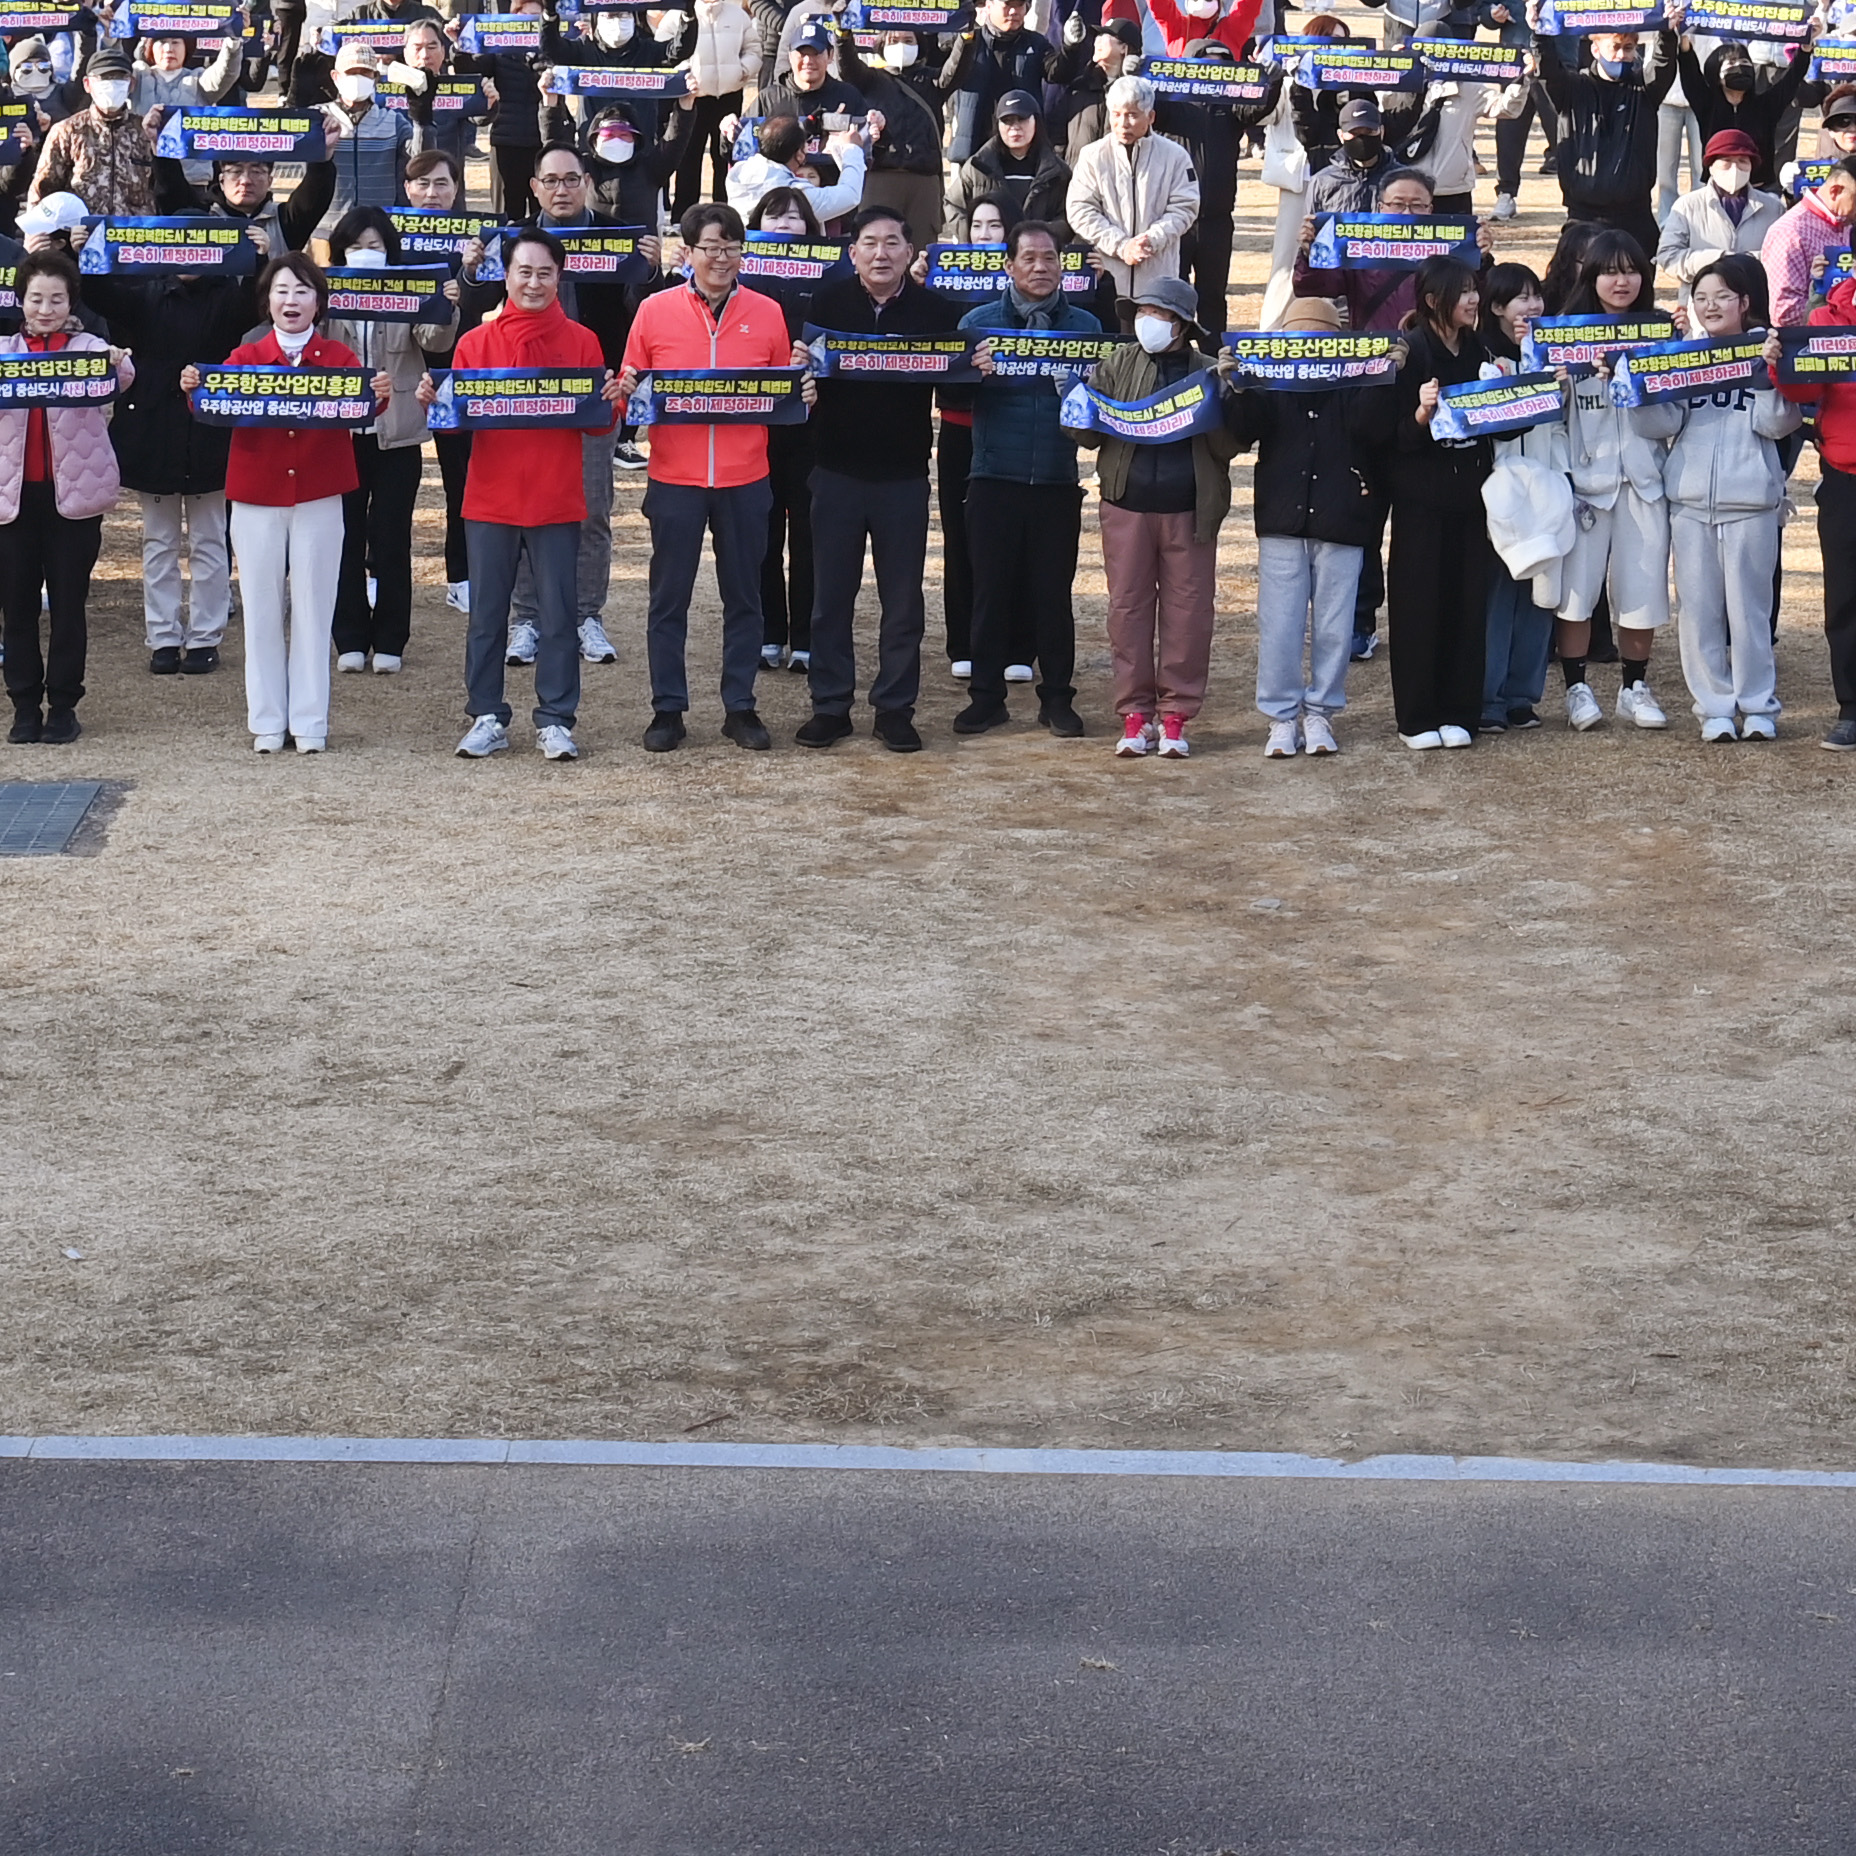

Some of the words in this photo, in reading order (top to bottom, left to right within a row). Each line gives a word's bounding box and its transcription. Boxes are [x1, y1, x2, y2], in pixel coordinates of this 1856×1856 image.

[578, 73, 612, 87] 조속히
[614, 74, 666, 89] 제정하라!!
[182, 116, 257, 131] 우주항공복합도시
[259, 118, 279, 132] 건설
[281, 118, 310, 133] 특별법
[194, 133, 233, 151] 조속히
[233, 134, 294, 151] 제정하라!!
[105, 228, 184, 243] 우주항공복합도시
[186, 229, 207, 244] 건설
[209, 229, 239, 244] 특별법
[119, 246, 159, 264] 조속히
[159, 247, 223, 263] 제정하라!!
[14, 382, 60, 397] 중심도시
[204, 373, 362, 397] 우주항공산업진흥원
[454, 379, 536, 396] 우주항공복합도시
[538, 379, 559, 394] 건설
[561, 378, 593, 393] 특별법
[652, 379, 735, 393] 우주항공복합도시
[737, 380, 759, 394] 건설
[760, 380, 792, 394] 특별법
[200, 398, 264, 415] 우주항공산업
[267, 399, 311, 416] 중심도시
[468, 398, 510, 416] 조속히
[510, 396, 576, 415] 제정하라!!
[665, 396, 708, 413] 조속히
[707, 397, 774, 412] 제정하라!!
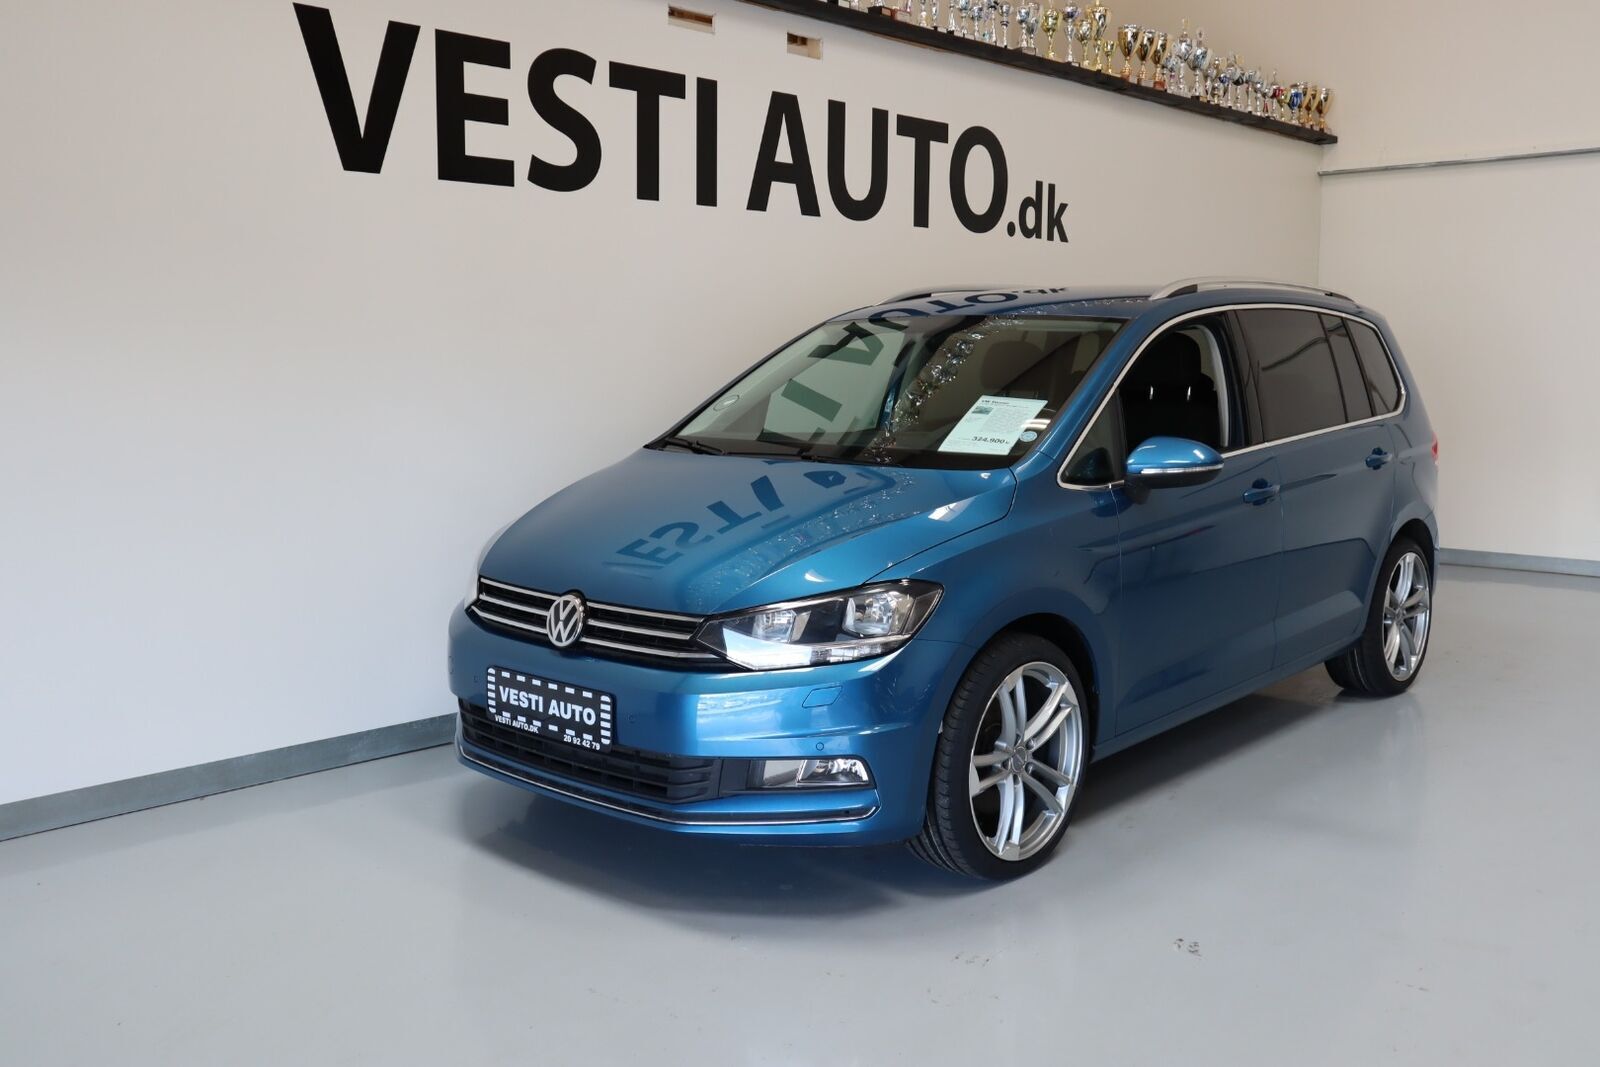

==*==

Assigned task: An exact copy of every record above is needed, with all pictures left out.

Response to the exercise:
Some of the words in this photo, in reading order (top to bottom, left to right within a row). Each line gives a word's bounding box and its transcription. Boxes are [x1, y1, x2, y2], in pixel coordinates of this 1856×1856 image.

[578, 73, 612, 87] 조속히
[614, 74, 666, 89] 제정하라!!
[182, 116, 257, 131] 우주항공복합도시
[259, 118, 279, 132] 건설
[281, 118, 310, 133] 특별법
[194, 133, 233, 151] 조속히
[233, 134, 294, 151] 제정하라!!
[105, 228, 184, 243] 우주항공복합도시
[186, 229, 207, 244] 건설
[209, 229, 239, 244] 특별법
[119, 246, 159, 264] 조속히
[159, 247, 223, 263] 제정하라!!
[14, 382, 60, 397] 중심도시
[204, 373, 362, 397] 우주항공산업진흥원
[454, 379, 536, 396] 우주항공복합도시
[538, 379, 559, 394] 건설
[561, 378, 593, 393] 특별법
[652, 379, 735, 393] 우주항공복합도시
[737, 380, 759, 394] 건설
[760, 380, 792, 394] 특별법
[200, 398, 264, 415] 우주항공산업
[267, 399, 311, 416] 중심도시
[468, 398, 510, 416] 조속히
[510, 396, 576, 415] 제정하라!!
[665, 396, 708, 413] 조속히
[707, 397, 774, 412] 제정하라!!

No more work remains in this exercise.